● DATA LISTING:
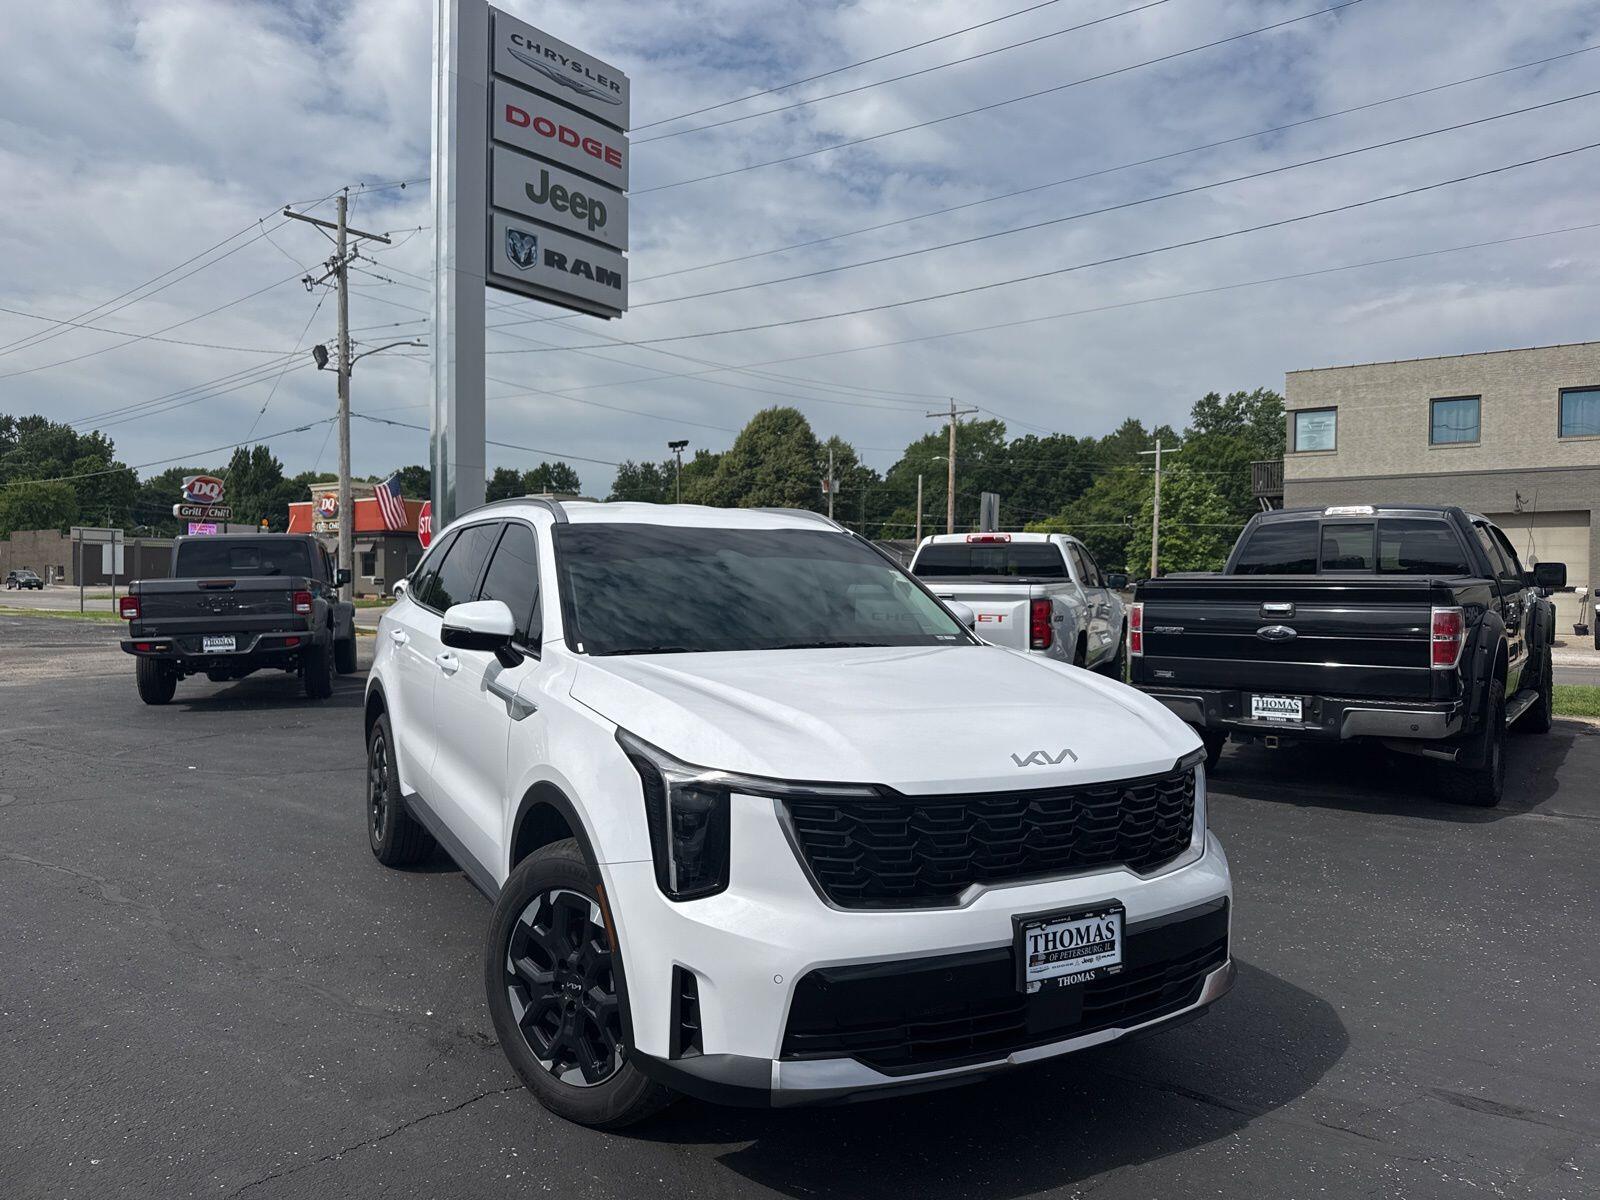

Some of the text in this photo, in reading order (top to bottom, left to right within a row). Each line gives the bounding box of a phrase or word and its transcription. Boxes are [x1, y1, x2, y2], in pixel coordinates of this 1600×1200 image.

[510, 33, 621, 94] CHRYSLER
[506, 104, 622, 169] DODGE
[525, 169, 607, 230] Jeep
[543, 248, 621, 290] RAM
[192, 481, 219, 498] DQ
[181, 507, 202, 516] Grill
[321, 498, 335, 512] DQ
[204, 637, 235, 648] THOMAS
[1253, 698, 1300, 709] THOMAS
[1029, 920, 1115, 955] THOMAS
[1049, 953, 1058, 962] OF
[1104, 942, 1112, 951] IL
[1057, 970, 1096, 987] THOMAS

● PROBLEM STATEMENT: Each record should be printed again precisely, though not its pictures.

● FINAL ANSWER:
Some of the text in this photo, in reading order (top to bottom, left to right within a row). Each line gives the bounding box of a phrase or word and its transcription. Boxes are [x1, y1, x2, y2], in pixel coordinates of this 1600×1200 image.

[510, 33, 621, 94] CHRYSLER
[506, 104, 622, 169] DODGE
[525, 169, 607, 230] Jeep
[543, 248, 621, 290] RAM
[192, 481, 219, 498] DQ
[181, 507, 202, 516] Grill
[321, 498, 335, 512] DQ
[204, 637, 235, 648] THOMAS
[1253, 698, 1300, 709] THOMAS
[1029, 920, 1115, 955] THOMAS
[1049, 953, 1058, 962] OF
[1104, 942, 1112, 951] IL
[1057, 970, 1096, 987] THOMAS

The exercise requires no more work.